● **Work instructions**: Although the entries contain pictures, only their words should be duplicated exactly.

======== Provided data

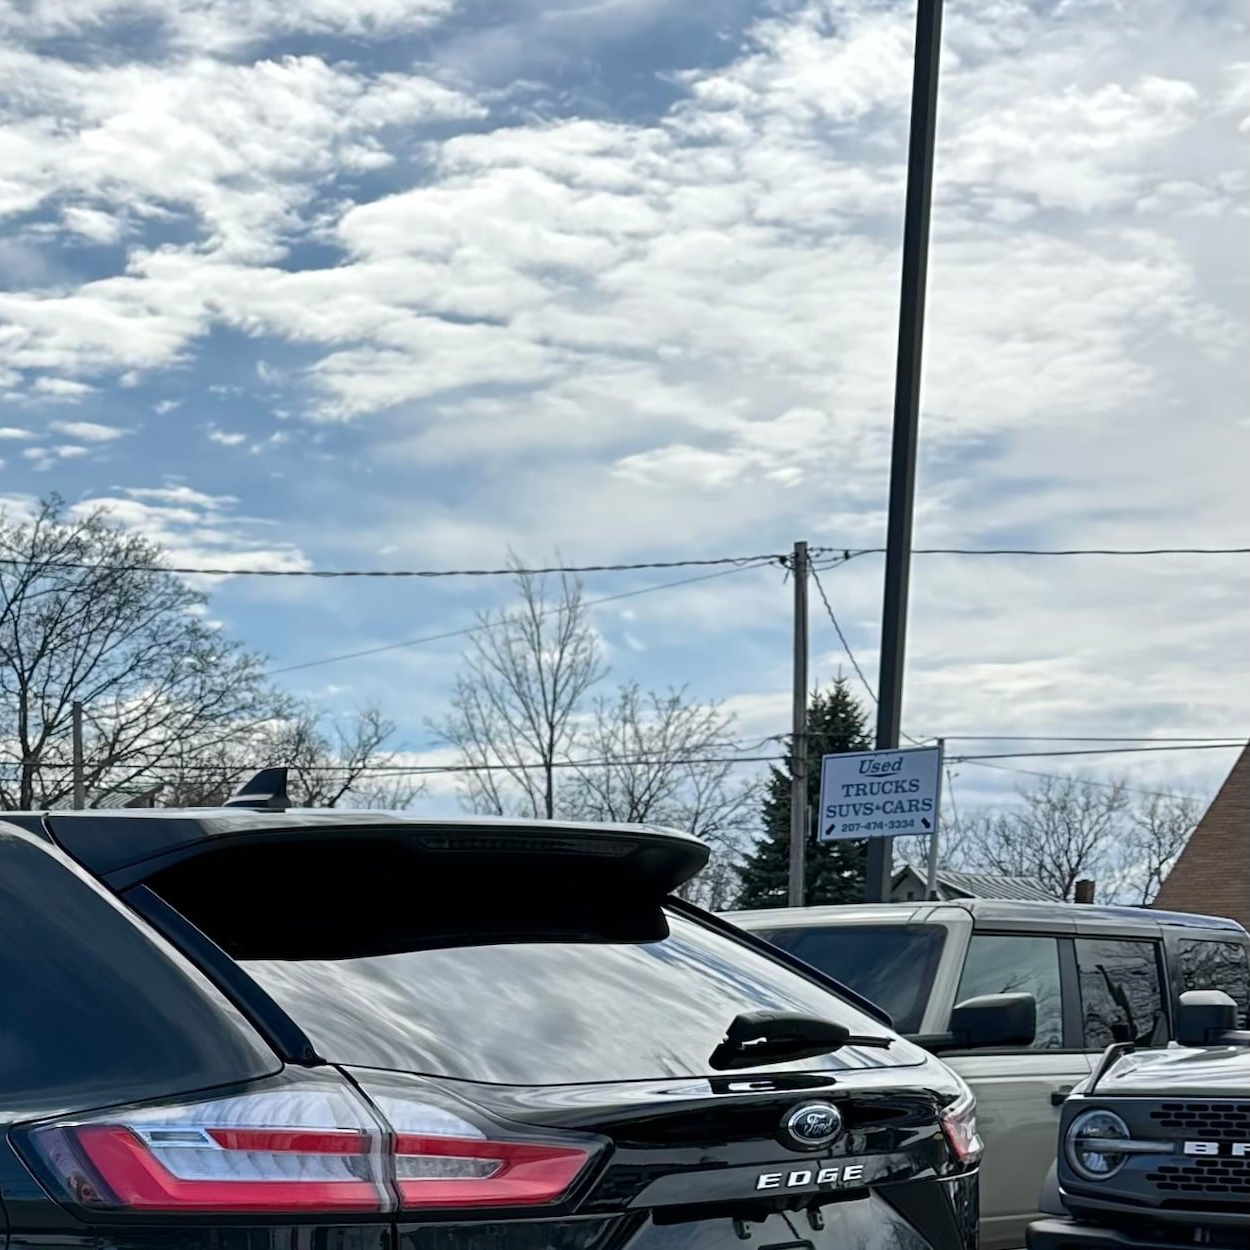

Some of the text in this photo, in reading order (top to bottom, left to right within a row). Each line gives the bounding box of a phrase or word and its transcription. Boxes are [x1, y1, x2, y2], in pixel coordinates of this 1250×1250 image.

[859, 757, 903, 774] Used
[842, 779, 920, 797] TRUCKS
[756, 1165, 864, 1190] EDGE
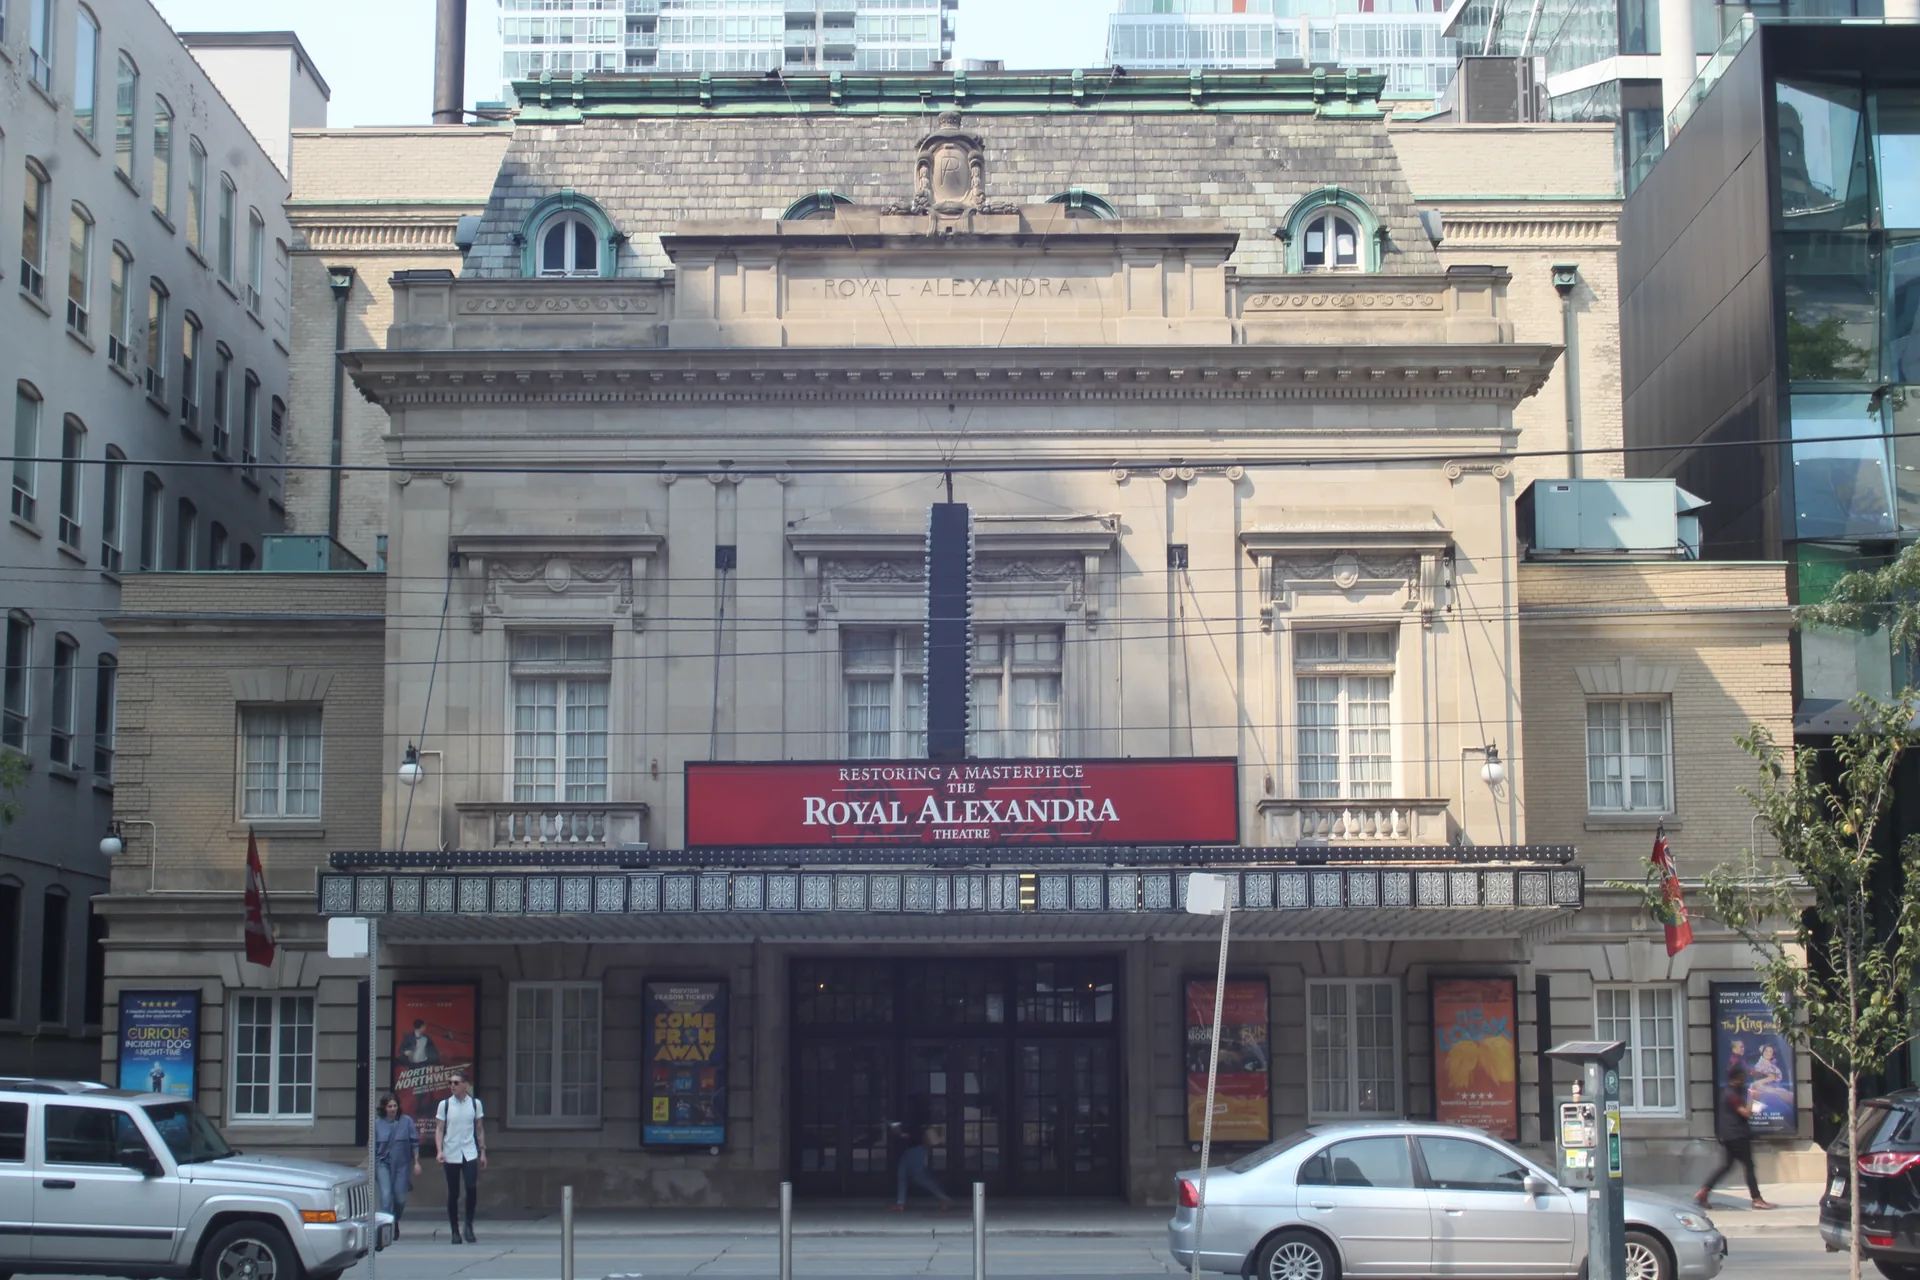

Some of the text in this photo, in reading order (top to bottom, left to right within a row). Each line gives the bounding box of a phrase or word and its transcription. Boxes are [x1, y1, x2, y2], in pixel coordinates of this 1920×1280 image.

================

● **Exercise response**:
Some of the text in this photo, in reading order (top to bottom, left to right within a row). Each line gives the bounding box of a phrase or word and its transcription. Boxes are [x1, y1, x2, y2], in pixel coordinates of this 1250×1250 image.

[859, 757, 903, 774] Used
[842, 779, 920, 797] TRUCKS
[756, 1165, 864, 1190] EDGE

Some of the text in this photo, in reading order (top to bottom, left to right within a row). Each line gives the bounding box of a phrase or word and its transcription. Boxes are [x1, y1, x2, y2], in pixel coordinates of this 1920×1280 image.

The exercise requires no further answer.